As described above in detail, in the magnetic head according to the present invention, since the upper pole and the lower pole that are accurately aligned are disposed through the magnetic gap, the magnetic head is not disposed through the magnetic gap. The generated leakage magnetic field is regulated without exceeding the recording track width.
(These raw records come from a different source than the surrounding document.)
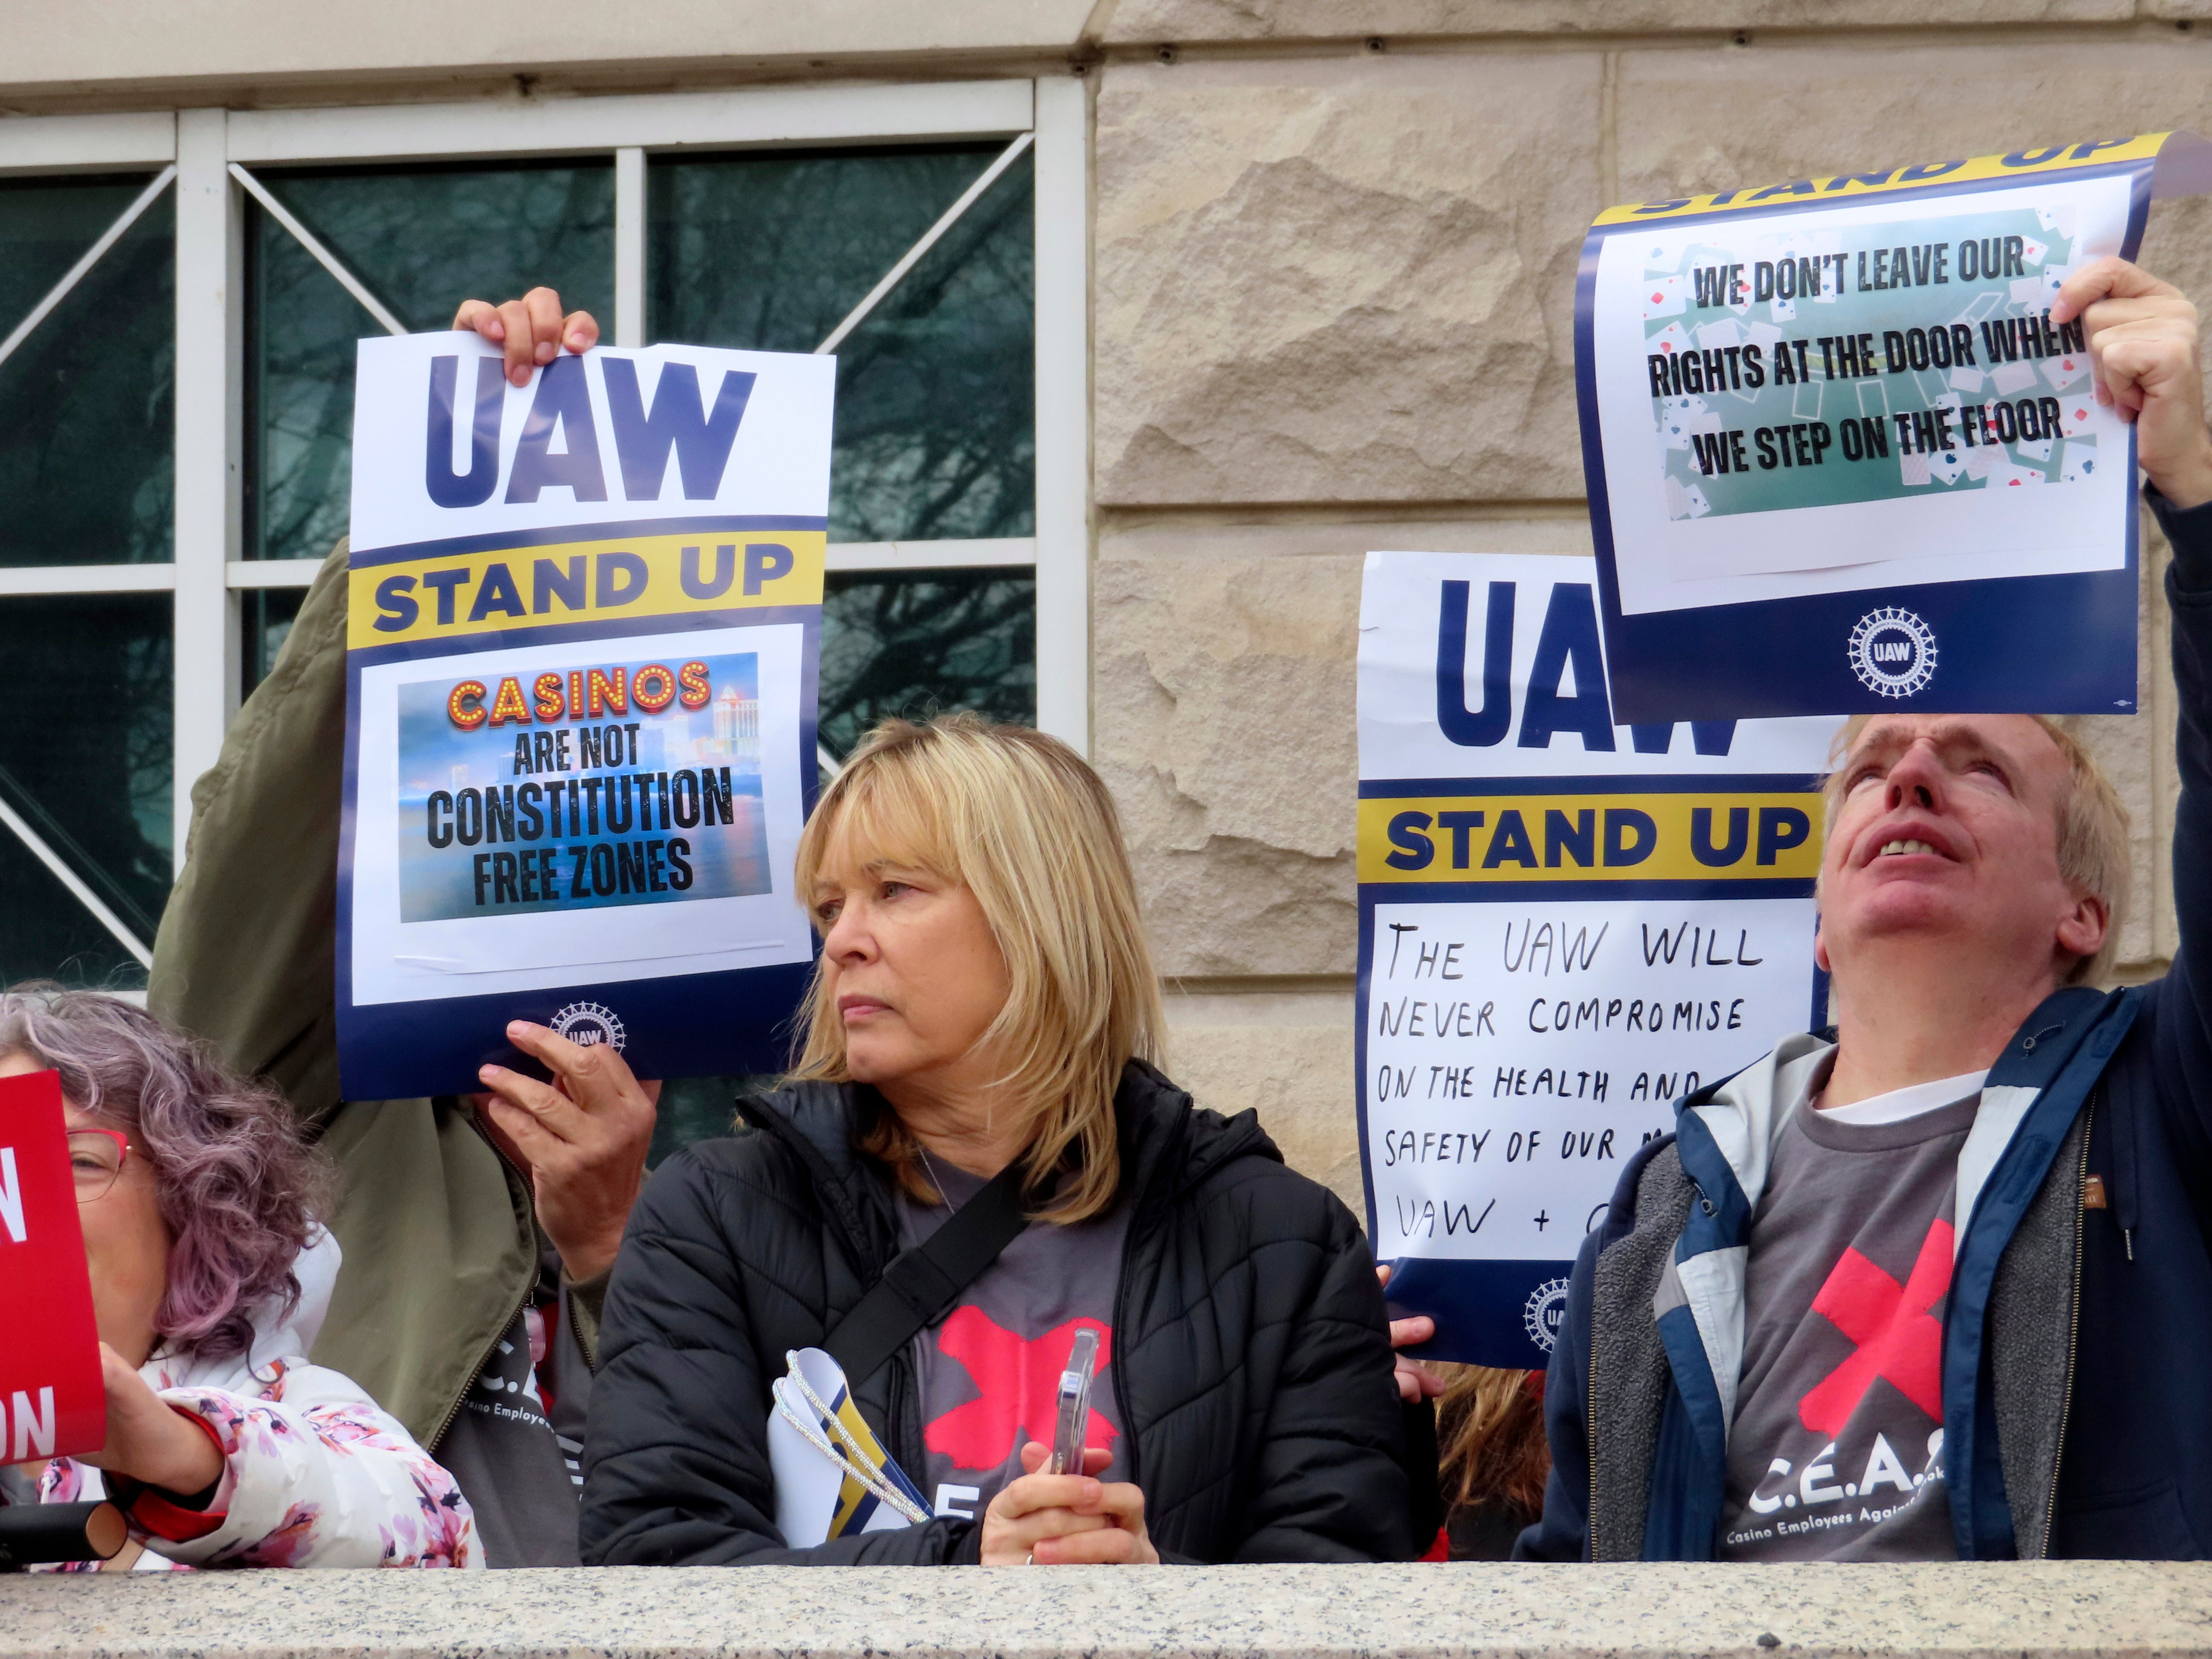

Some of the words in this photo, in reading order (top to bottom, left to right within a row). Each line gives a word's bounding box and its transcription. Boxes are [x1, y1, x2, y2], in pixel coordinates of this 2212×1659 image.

[1694, 264, 1744, 309] WE
[1754, 253, 1848, 303] DON'T
[1857, 243, 1949, 291] LEAVE
[1959, 235, 2024, 282] OUR
[1647, 344, 1765, 397] RIGHTS
[1774, 340, 1809, 386] AT
[1817, 333, 1877, 381] THE
[1883, 324, 1976, 373] DOOR
[1980, 314, 2086, 363] WHEN
[426, 355, 757, 508] UAW
[1692, 433, 1749, 476] WE
[1757, 422, 1831, 470] STEP
[1840, 416, 1889, 462] ON
[1893, 408, 1955, 456] THE
[1962, 396, 2064, 448] FLOOR
[373, 551, 649, 632] STAND
[680, 543, 794, 600] UP
[1437, 580, 1738, 756] UA
[1874, 642, 1910, 661] UAW
[447, 660, 711, 731] CASINOS
[513, 729, 570, 775] ARE
[581, 723, 640, 769] NOT
[427, 767, 734, 848] CONSTITUTION
[1385, 807, 1657, 871] STAND
[1691, 806, 1810, 867] UP
[474, 848, 559, 906] FREE
[568, 838, 693, 898] ZONES
[1389, 923, 1464, 980] THE
[1504, 918, 1609, 977] UAW
[1642, 921, 1763, 968] WILL
[1380, 996, 1495, 1037] NEVER
[1529, 998, 1744, 1033] COMPROMISE
[1378, 1065, 1416, 1102] ON
[1430, 1066, 1475, 1100] THE
[1493, 1066, 1609, 1103] HEALTH
[1630, 1071, 1700, 1102] AND
[1385, 1129, 1491, 1166] SAFETY
[1507, 1129, 1541, 1162] OF
[1561, 1128, 1615, 1160] OUR
[1548, 1310, 1565, 1326] UA
[0, 1385, 56, 1460] N
[1727, 1528, 1772, 1545] Casino
[1777, 1511, 1852, 1536] Employees
Thereby, this magnetic head can accurately perform recording on the magnetic recording medium.

Further, according to the method of manufacturing a magnetic head of the present invention, the surfaces of the upper pole and the lower pole facing each other can be highly flattened, and the shape of the track width can be precisely defined. . Thus, according to this method, it is possible to manufacture a magnetic head that generates a precisely regulated leakage magnetic field without causing the leakage magnetic field generated between the upper pole and the lower pole to exceed the recording track width.

[Brief description of the drawings]

FIG. 1 is a perspective view of an essential part showing one configuration example of a magnetic head according to the present invention.
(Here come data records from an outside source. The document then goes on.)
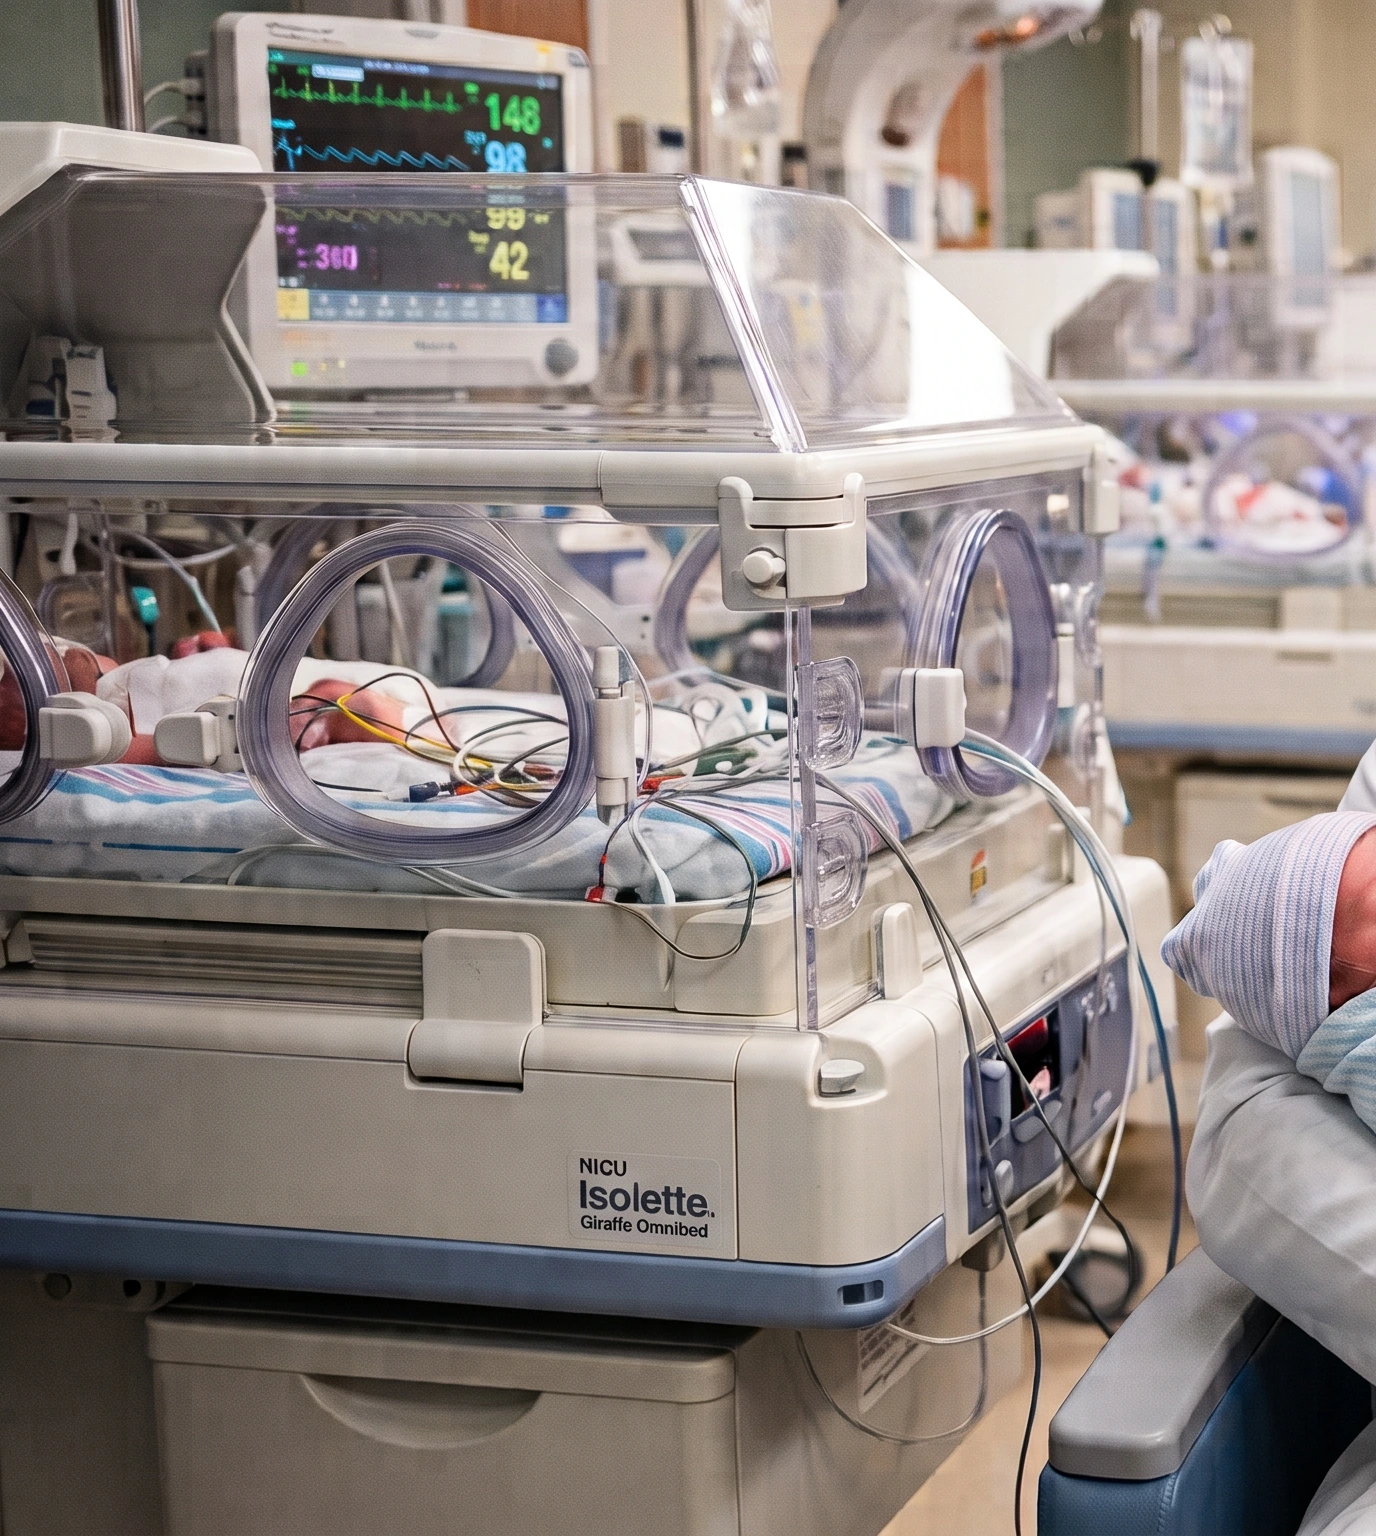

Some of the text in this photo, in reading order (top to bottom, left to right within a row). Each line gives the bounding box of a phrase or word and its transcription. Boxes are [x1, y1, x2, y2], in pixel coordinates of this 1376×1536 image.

[485, 92, 540, 135] 148
[485, 140, 527, 172] 98
[489, 241, 530, 280] 42
[580, 1158, 627, 1177] NICU
[581, 1215, 709, 1238] Giraffe Omnibed
FIG. 2 is a sectional view of a main part of the magnetic head.

FIG. 3 is a fragmentary cross-sectional view for explaining the method for manufacturing the magnetic head according to the present invention.

FIG. 4 is a fragmentary cross-sectional view for explaining the method for manufacturing the magnetic head according to the present invention.
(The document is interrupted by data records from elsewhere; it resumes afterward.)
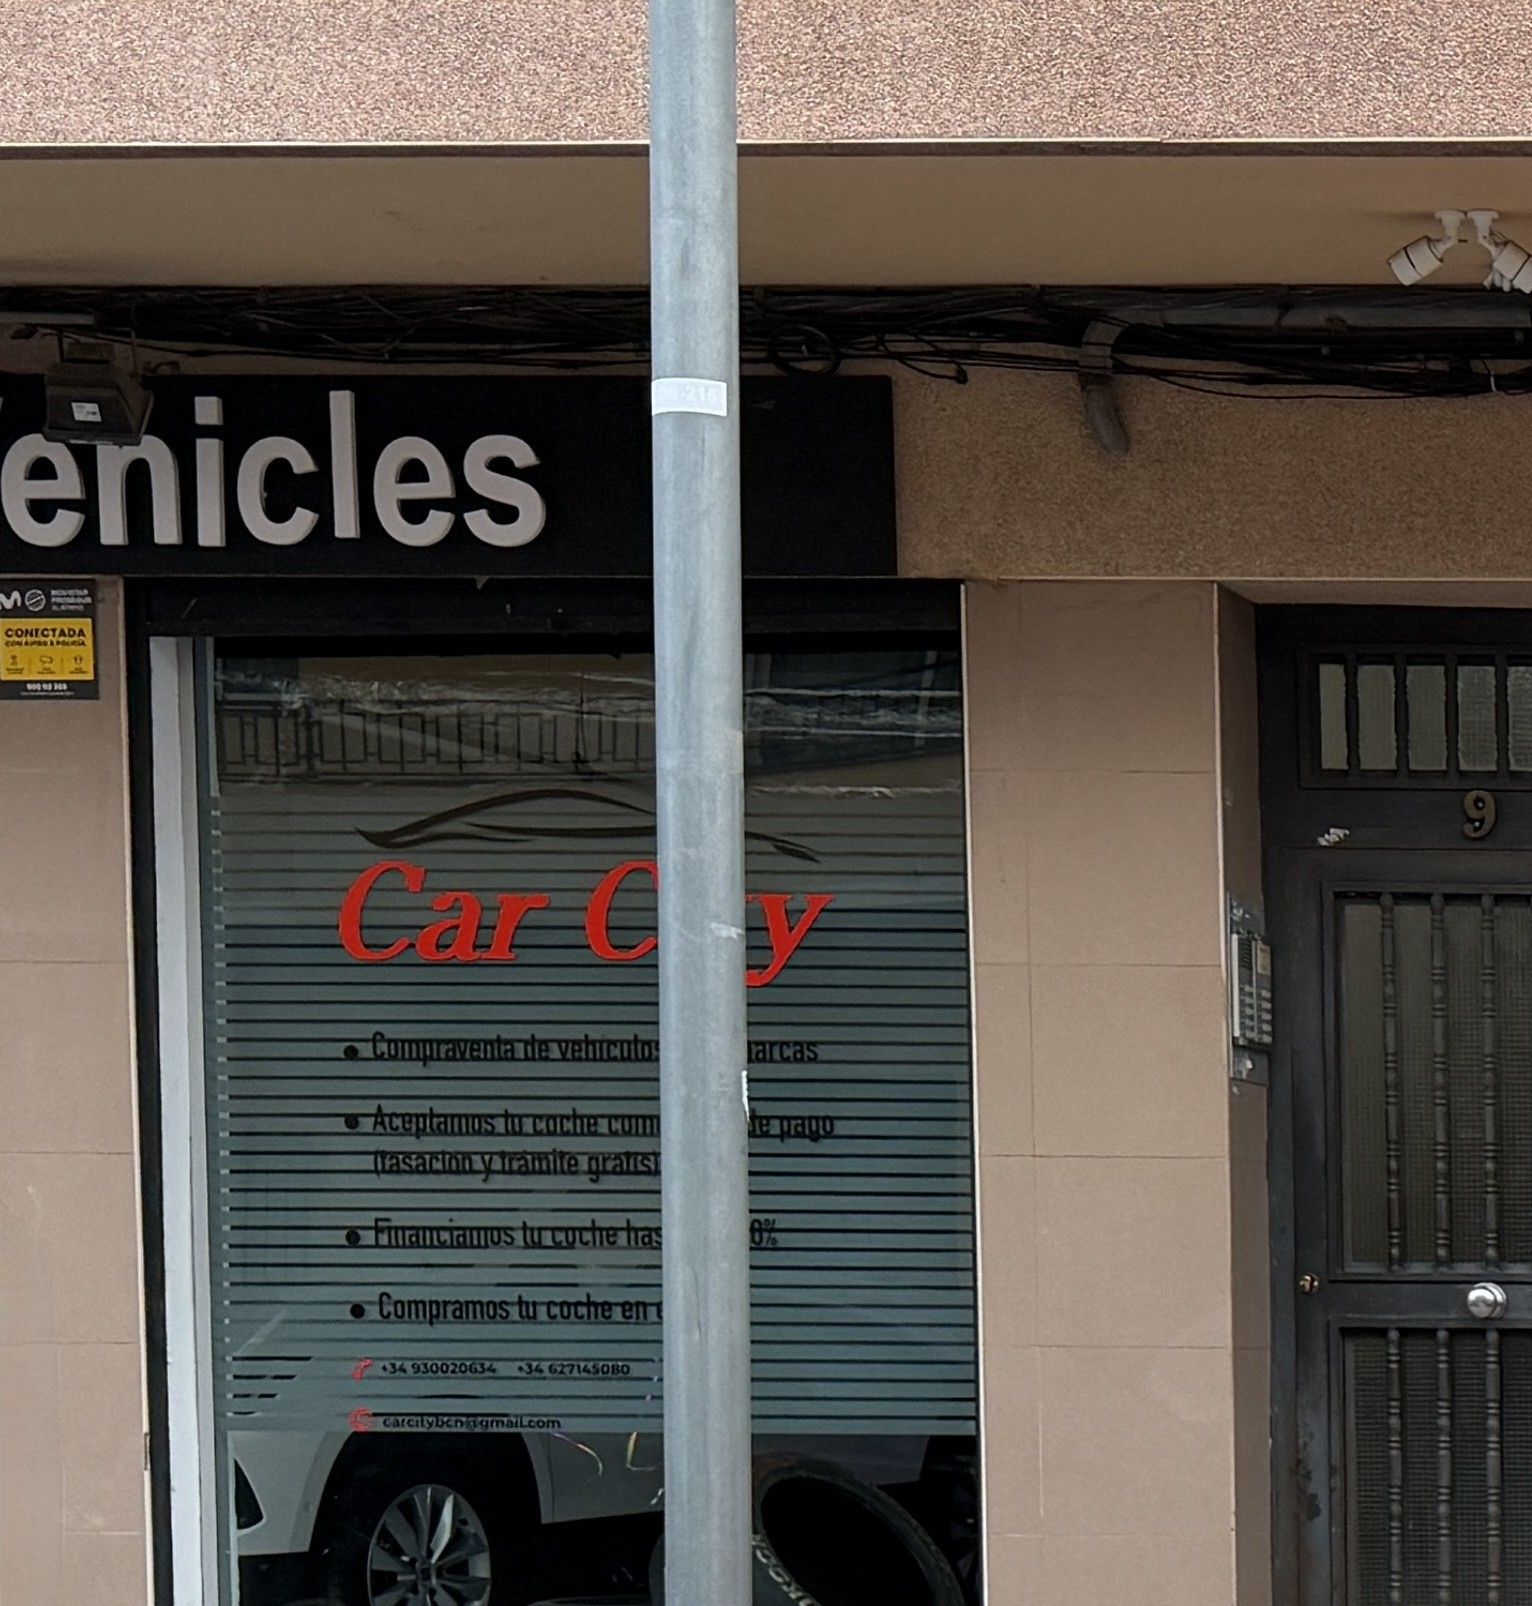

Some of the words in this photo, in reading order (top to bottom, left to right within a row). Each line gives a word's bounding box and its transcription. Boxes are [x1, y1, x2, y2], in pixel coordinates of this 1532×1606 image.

[5, 627, 87, 639] CONECTADA
[1464, 790, 1496, 838] 9
[338, 860, 549, 962] Car
[585, 860, 834, 987] Cy
[372, 1031, 515, 1067] Compraventa
[523, 1033, 550, 1062] de
[373, 1103, 497, 1140] Aceptamos
[504, 1108, 523, 1136] tu
[532, 1107, 598, 1136] coche
[779, 1113, 835, 1143] pago
[480, 1151, 494, 1183] y
[374, 1217, 515, 1248] Financiamos
[522, 1220, 543, 1247] tu
[551, 1218, 618, 1248] coche
[379, 1291, 510, 1327] Compramos
[518, 1294, 537, 1321] tu
[546, 1292, 613, 1322] coche
[621, 1300, 648, 1322] en
[411, 1360, 497, 1375] 930020634
FIG. 5 is a fragmentary cross-sectional view for explaining the method for manufacturing the magnetic head according to the present invention.

FIG. 6 is a fragmentary cross-sectional view for explaining the method for manufacturing the magnetic head according to the present invention.

FIG. 7 is a fragmentary cross-sectional view for explaining the method for manufacturing the magnetic head according to the present invention.

FIG. 8 is a cross-sectional view of a main part showing a state in which an upper pole is displaced from a lower pole when an insulating layer is not provided.

FIG. 9 is a cross-sectional view of a main part showing a state where the upper pole is slightly wider than the lower pole when no insulating layer is provided.

FIG. 10 is a sectional view of a main part of a conventional magnetic head.

[Explanation of symbols]

1 magnetic head, 2 magnetic recording medium, 3 MR head,
4 inductive head, 10 lower core, 11 upper core, 12 upper pole, 13 lower pole, 14
Magnetic gap, 15 coils, 20A, 20B protrusion,
21 Insulating layer

Claims (4)

[Claims] 1. An induction type magnetic head comprising an upper core and a lower core each formed of a magnetic thin film, and a thin film coil, wherein the lower core has a lower pole facing a sliding surface of a magnetic recording medium. Is formed so as to protrude toward the upper layer core. The upper layer core has an upper pole wider than the lower pole facing the magnetic recording medium sliding surface and having a width corresponding to the track width. A magnetic head which is integrally formed so as to protrude toward a core, and wherein a magnetic gap is formed between opposing surfaces of the lower pole and the upper pole. 2. The magnetic head according to claim 1, further comprising a pair of protrusions disposed on the lower core in a track width direction with the lower pole interposed therebetween. 3. A magnetoresistive element is formed between the lower core as an upper shield and a lower shield formed below the lower core, thereby forming a magnetoresistive magnetic head. Item 7. The magnetic head according to Item 1. 4. A lower pole is formed on at least a part of a side surface of the lower core on which the magnetic recording medium slides, and a pair of protrusions are formed in the track width direction with the lower pole interposed therebetween. Forming a non-magnetic material so as to embed the lower pole and the pair of protrusions; and having a width dimension larger than the lower pole via a magnetic gap at a position facing the lower pole. Forming a top pole.